Exercise objective
Pictures aside, quote the whole listing exactly.

Data extract
§

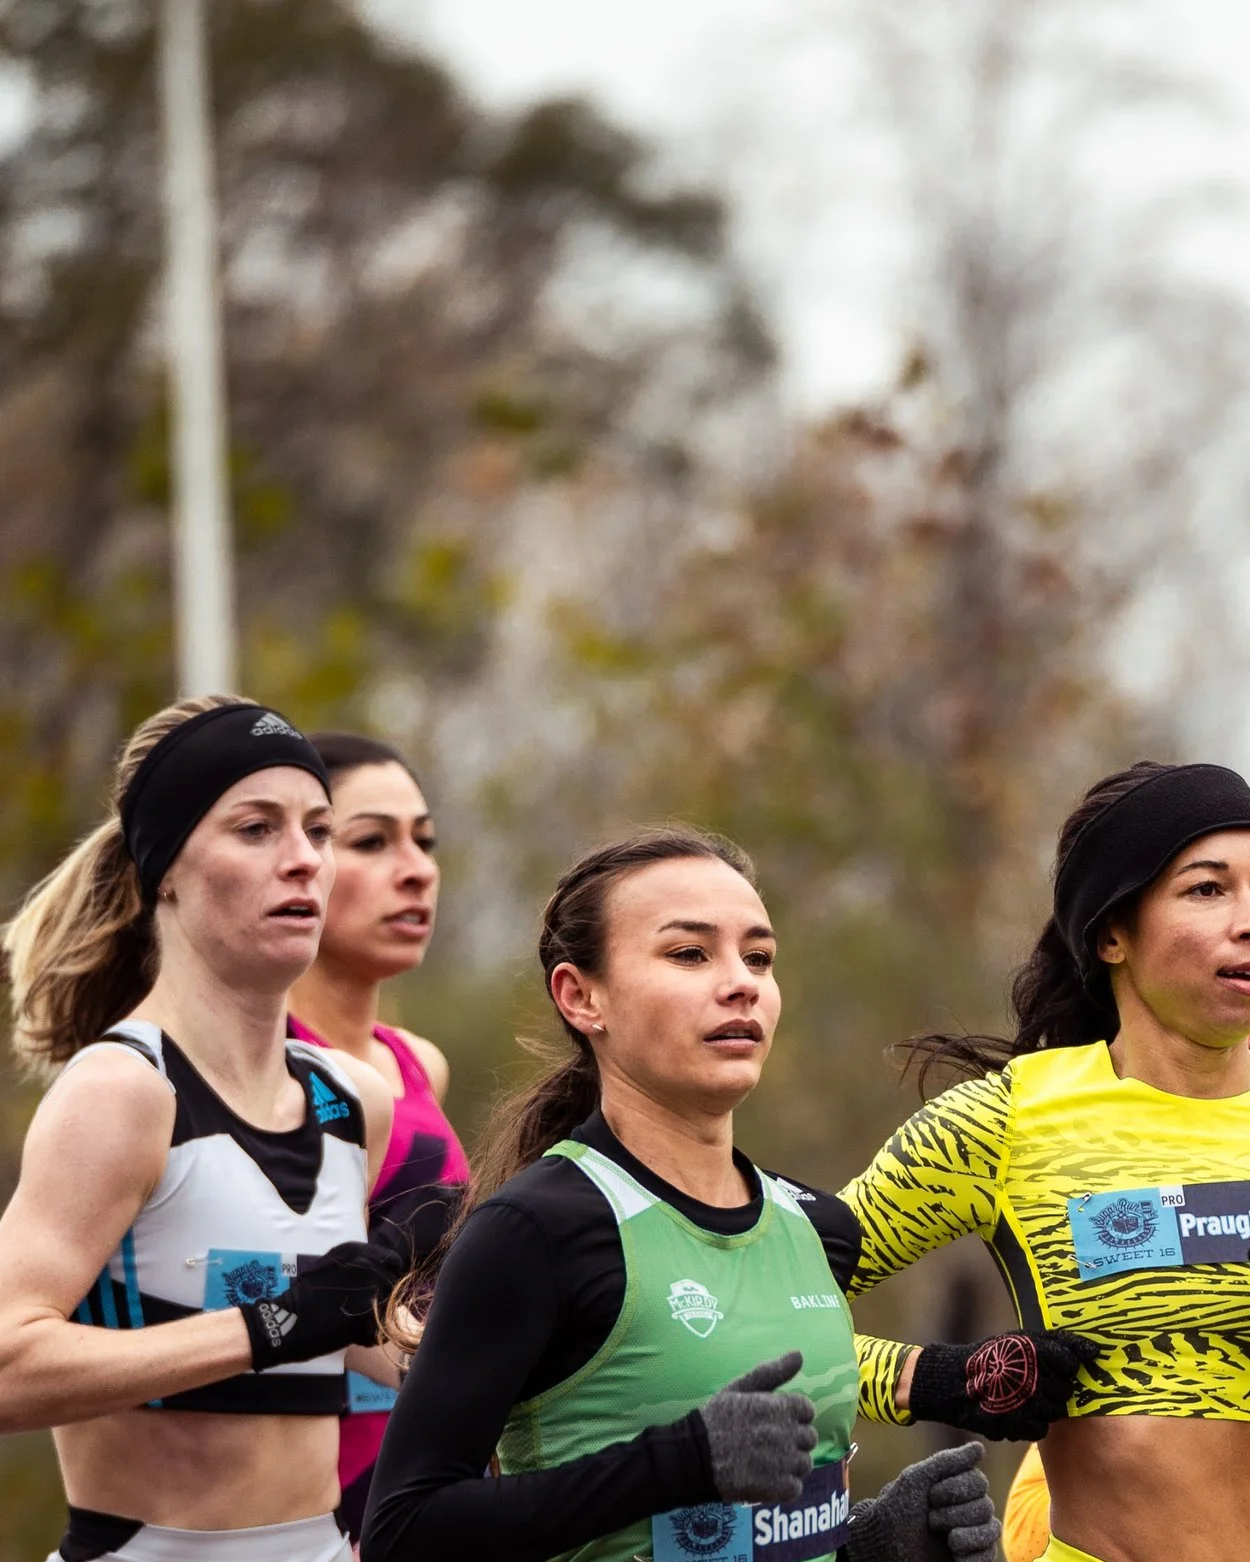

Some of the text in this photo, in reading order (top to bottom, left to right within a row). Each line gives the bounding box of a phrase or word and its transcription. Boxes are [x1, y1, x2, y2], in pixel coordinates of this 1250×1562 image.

[250, 726, 303, 740] adidas
[1161, 1194, 1184, 1206] PRO
[1093, 1247, 1176, 1268] SWEET 16
[258, 1302, 282, 1348] adidas
[754, 1489, 850, 1546] Shanaha
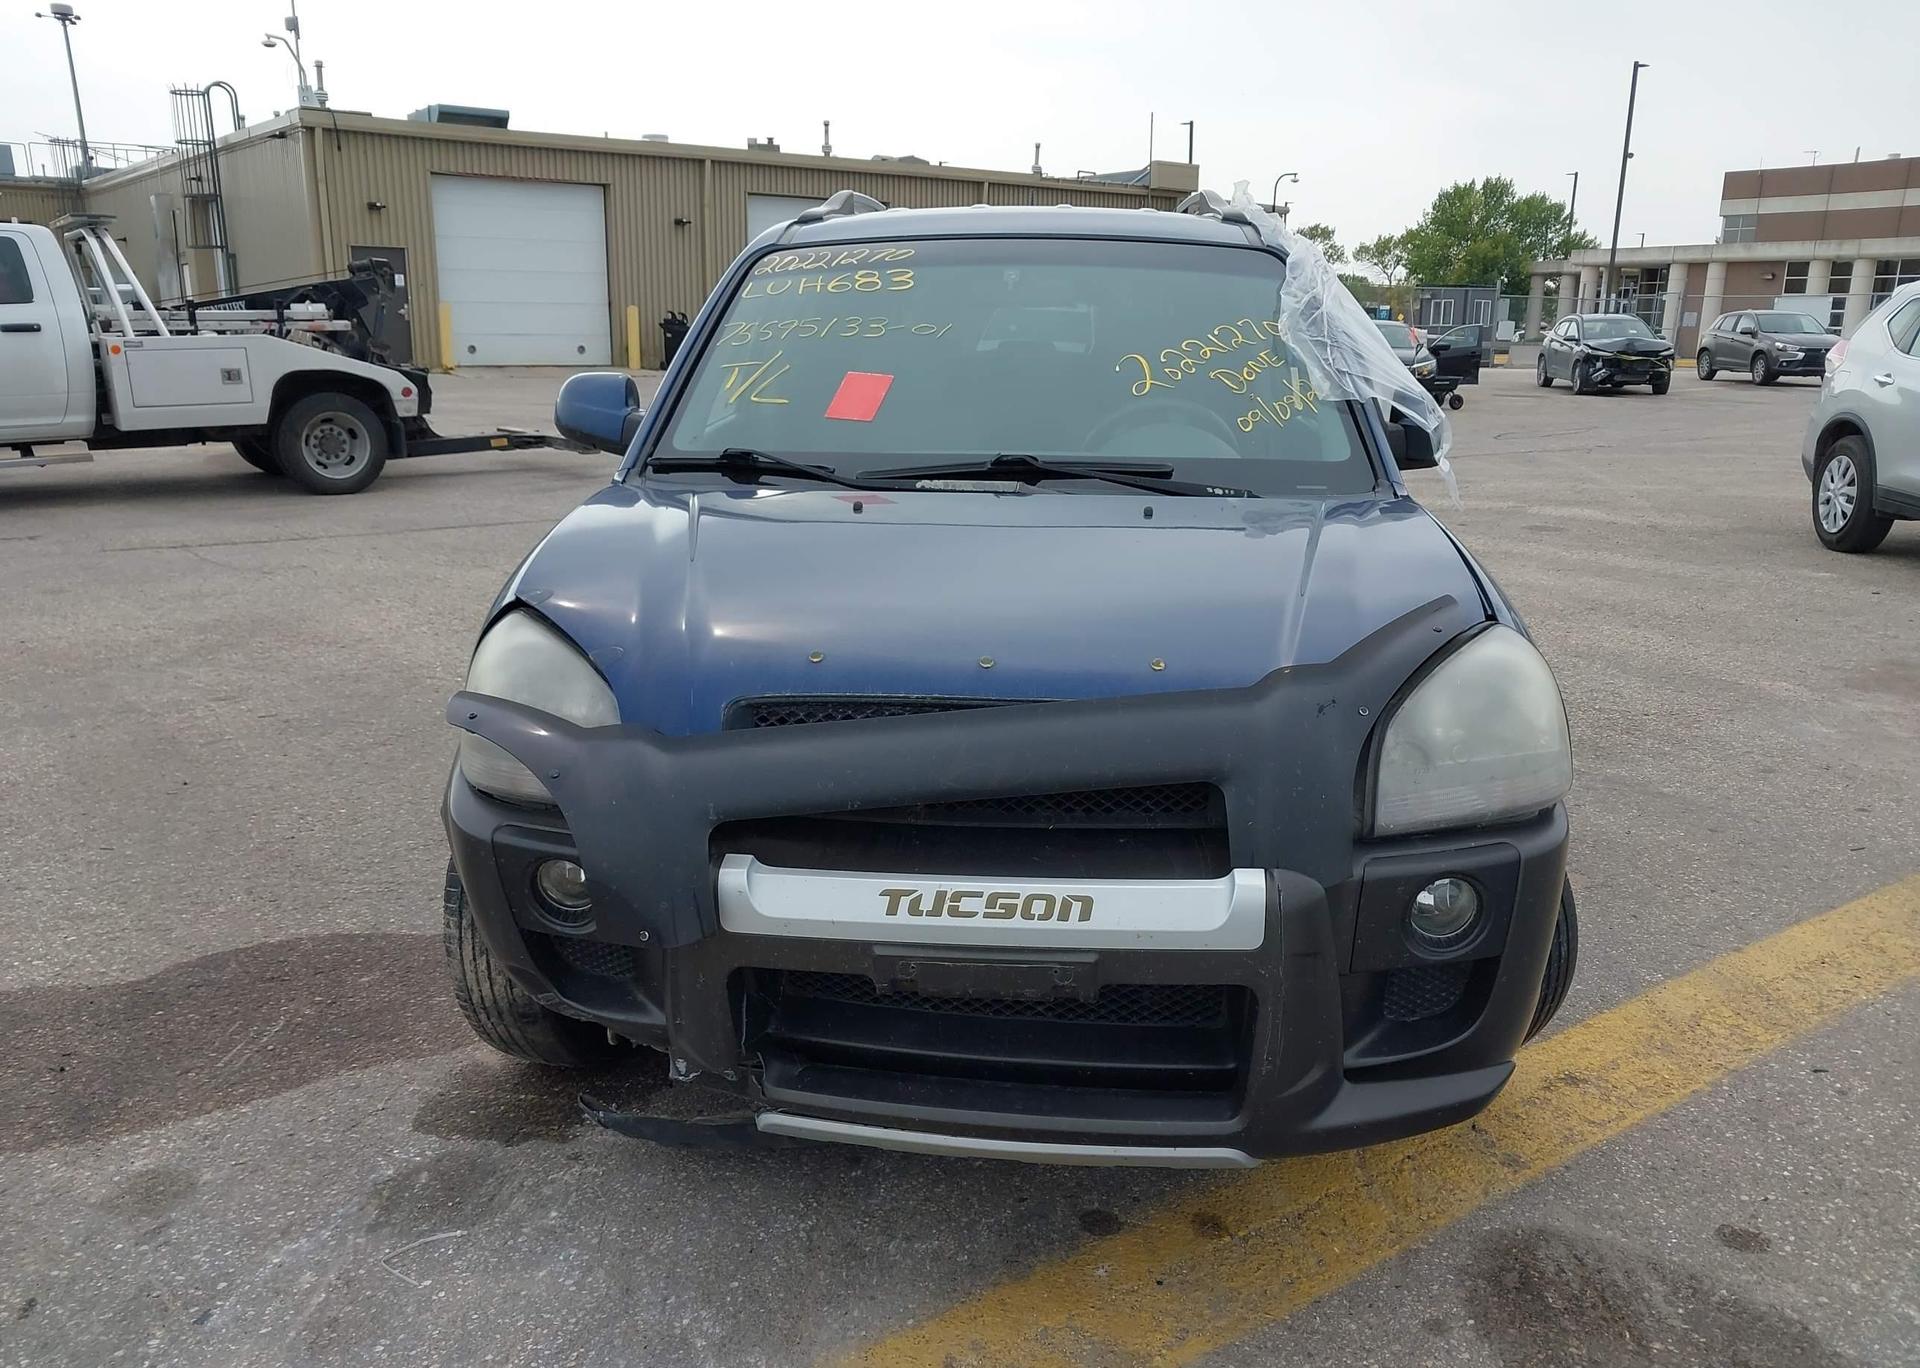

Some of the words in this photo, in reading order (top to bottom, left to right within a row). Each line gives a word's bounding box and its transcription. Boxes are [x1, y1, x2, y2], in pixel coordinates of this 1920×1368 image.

§

Solution for this exercise
Some of the text in this photo, in reading order (top to bottom, left to right within a row). Each line gives the bounding box of a phrase or word and its transcription. Boxes are [x1, y1, x2, y2], in pixel coordinates of this 1250×1562 image.

[250, 726, 303, 740] adidas
[1161, 1194, 1184, 1206] PRO
[1093, 1247, 1176, 1268] SWEET 16
[258, 1302, 282, 1348] adidas
[754, 1489, 850, 1546] Shanaha

Some of the words in this photo, in reading order (top to bottom, left to right within a row). Each line gives a word's bounding box and its transcription. Boxes are [x1, y1, x2, y2], in pixel coordinates of this 1920×1368 image.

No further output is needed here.